What needs to be done :: Word for word, restate the lines of the listing below from the line with "this 1288×966 image." through the line with "this 1620×1080 image.", and do not include the pictures.

Data for this exercise ::
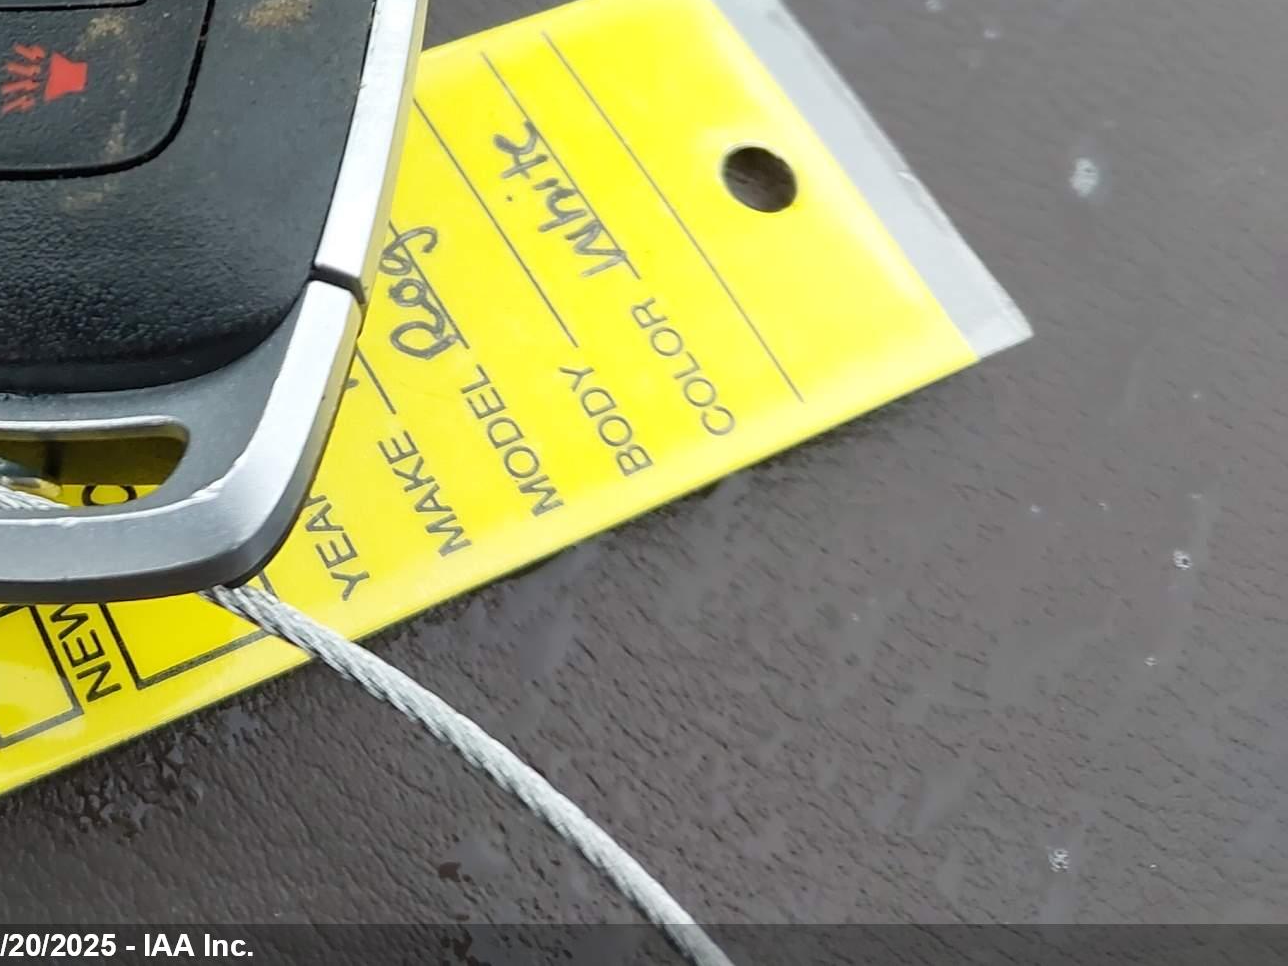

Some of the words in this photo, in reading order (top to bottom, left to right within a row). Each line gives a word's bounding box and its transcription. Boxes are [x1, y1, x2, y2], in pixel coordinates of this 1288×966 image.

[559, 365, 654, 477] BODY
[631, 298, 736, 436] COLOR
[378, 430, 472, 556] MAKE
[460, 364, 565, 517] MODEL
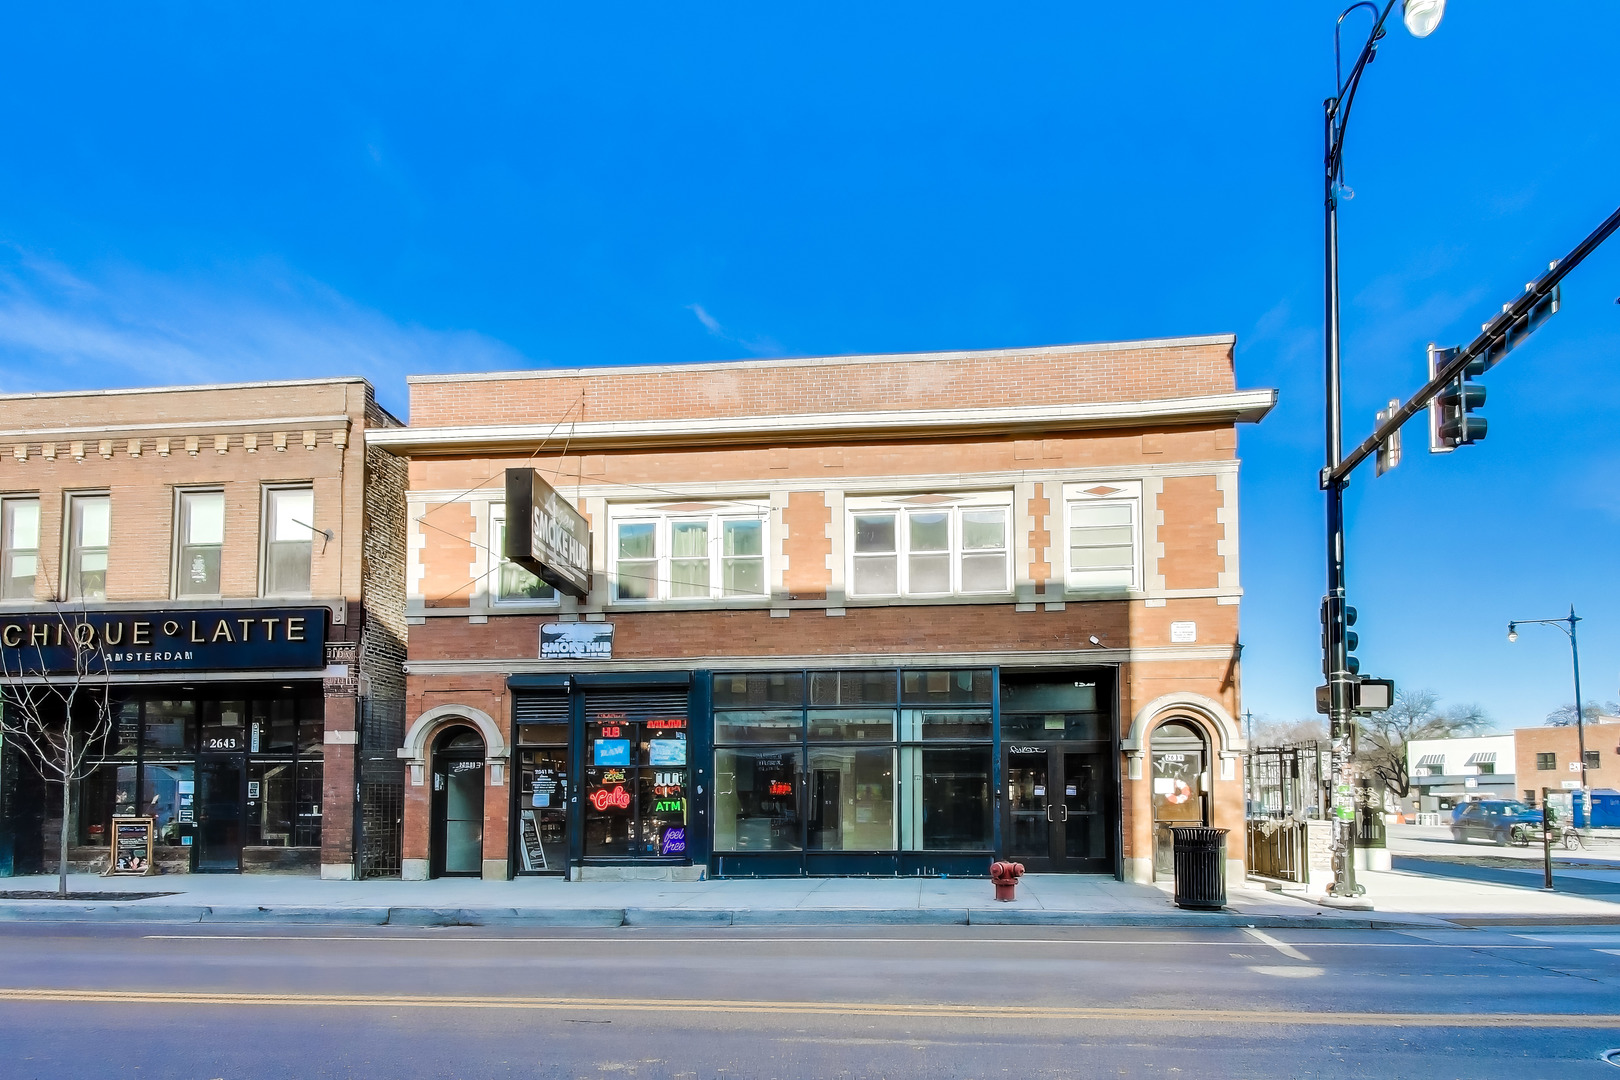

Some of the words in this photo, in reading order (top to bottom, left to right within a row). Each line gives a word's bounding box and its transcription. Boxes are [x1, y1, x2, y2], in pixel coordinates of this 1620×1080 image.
==
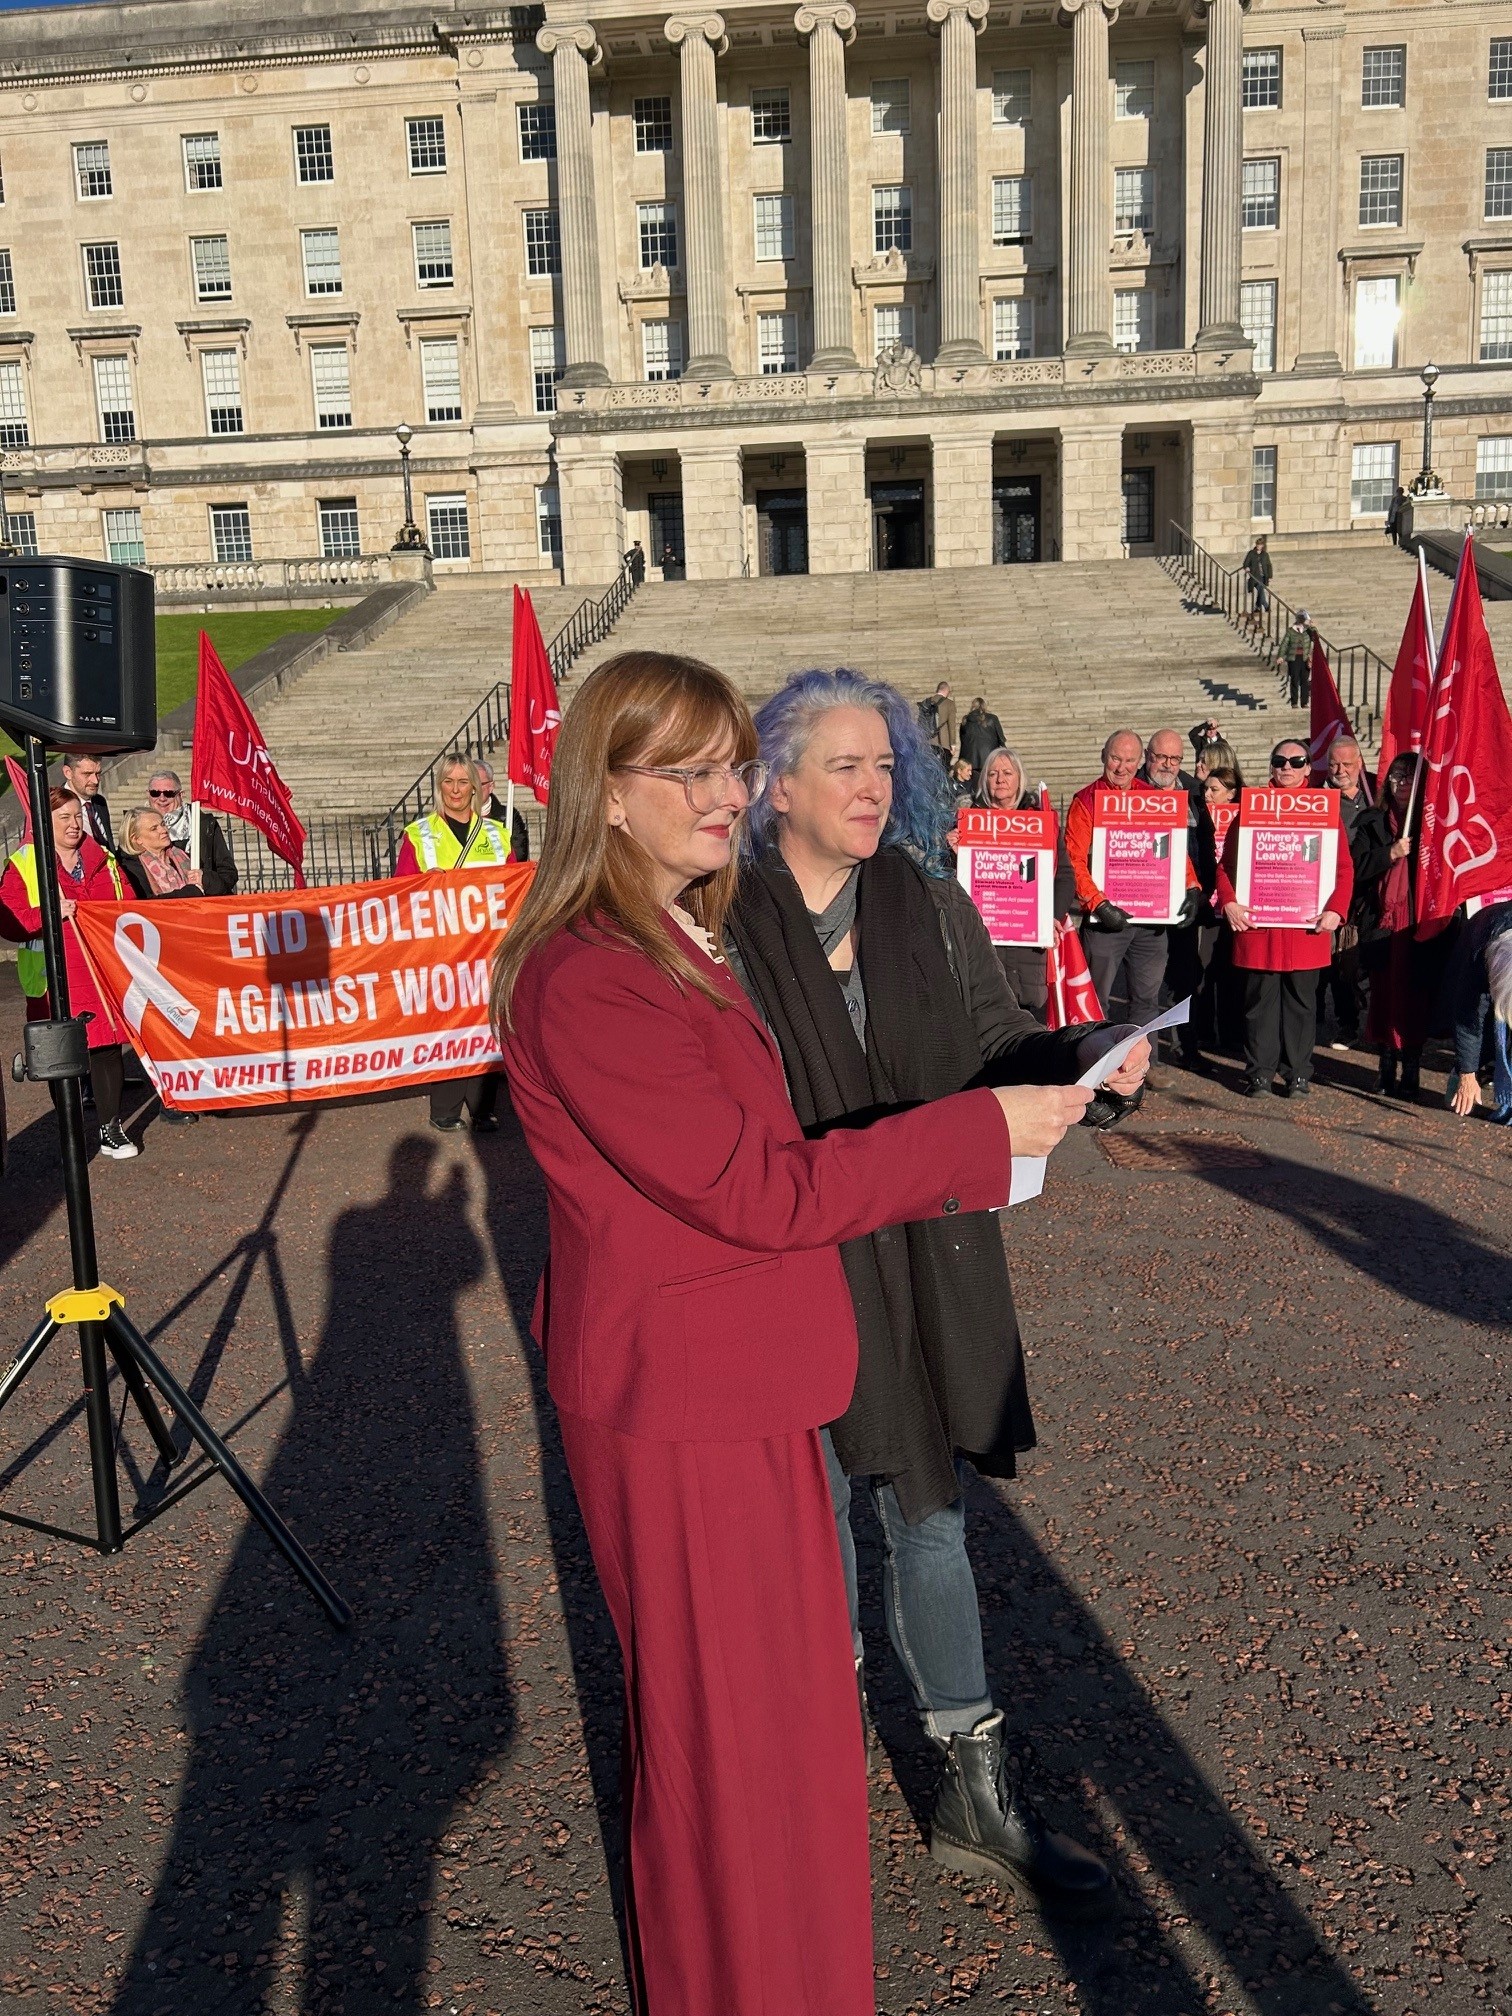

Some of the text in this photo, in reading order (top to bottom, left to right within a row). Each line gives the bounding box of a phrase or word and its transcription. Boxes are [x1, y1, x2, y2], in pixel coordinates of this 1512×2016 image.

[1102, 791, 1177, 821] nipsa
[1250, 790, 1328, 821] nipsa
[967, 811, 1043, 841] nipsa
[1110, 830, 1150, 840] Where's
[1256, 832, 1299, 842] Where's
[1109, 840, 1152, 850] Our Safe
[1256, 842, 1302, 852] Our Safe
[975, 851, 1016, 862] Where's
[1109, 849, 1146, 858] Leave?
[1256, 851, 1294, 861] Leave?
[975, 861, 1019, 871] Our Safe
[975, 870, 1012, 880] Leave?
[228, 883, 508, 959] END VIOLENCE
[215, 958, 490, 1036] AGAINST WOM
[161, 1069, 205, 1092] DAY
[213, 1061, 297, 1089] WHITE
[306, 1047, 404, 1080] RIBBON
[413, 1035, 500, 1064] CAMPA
...
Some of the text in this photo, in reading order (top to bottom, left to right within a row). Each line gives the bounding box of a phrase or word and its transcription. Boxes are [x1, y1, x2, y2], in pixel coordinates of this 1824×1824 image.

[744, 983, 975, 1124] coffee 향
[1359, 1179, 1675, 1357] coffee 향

Answer section ::
Some of the words in this photo, in reading order (top to bottom, left to right within a row). Each line gives a word's bounding box and its transcription. Boxes are [x1, y1, x2, y2], in pixel coordinates of this 1288×966 image.

[559, 365, 654, 477] BODY
[631, 298, 736, 436] COLOR
[378, 430, 472, 556] MAKE
[460, 364, 565, 517] MODEL

Some of the words in this photo, in reading order (top to bottom, left to right within a row). Each line gives a word's bounding box and its transcription. Boxes are [x1, y1, x2, y2], in pixel coordinates of this 1620×1080 image.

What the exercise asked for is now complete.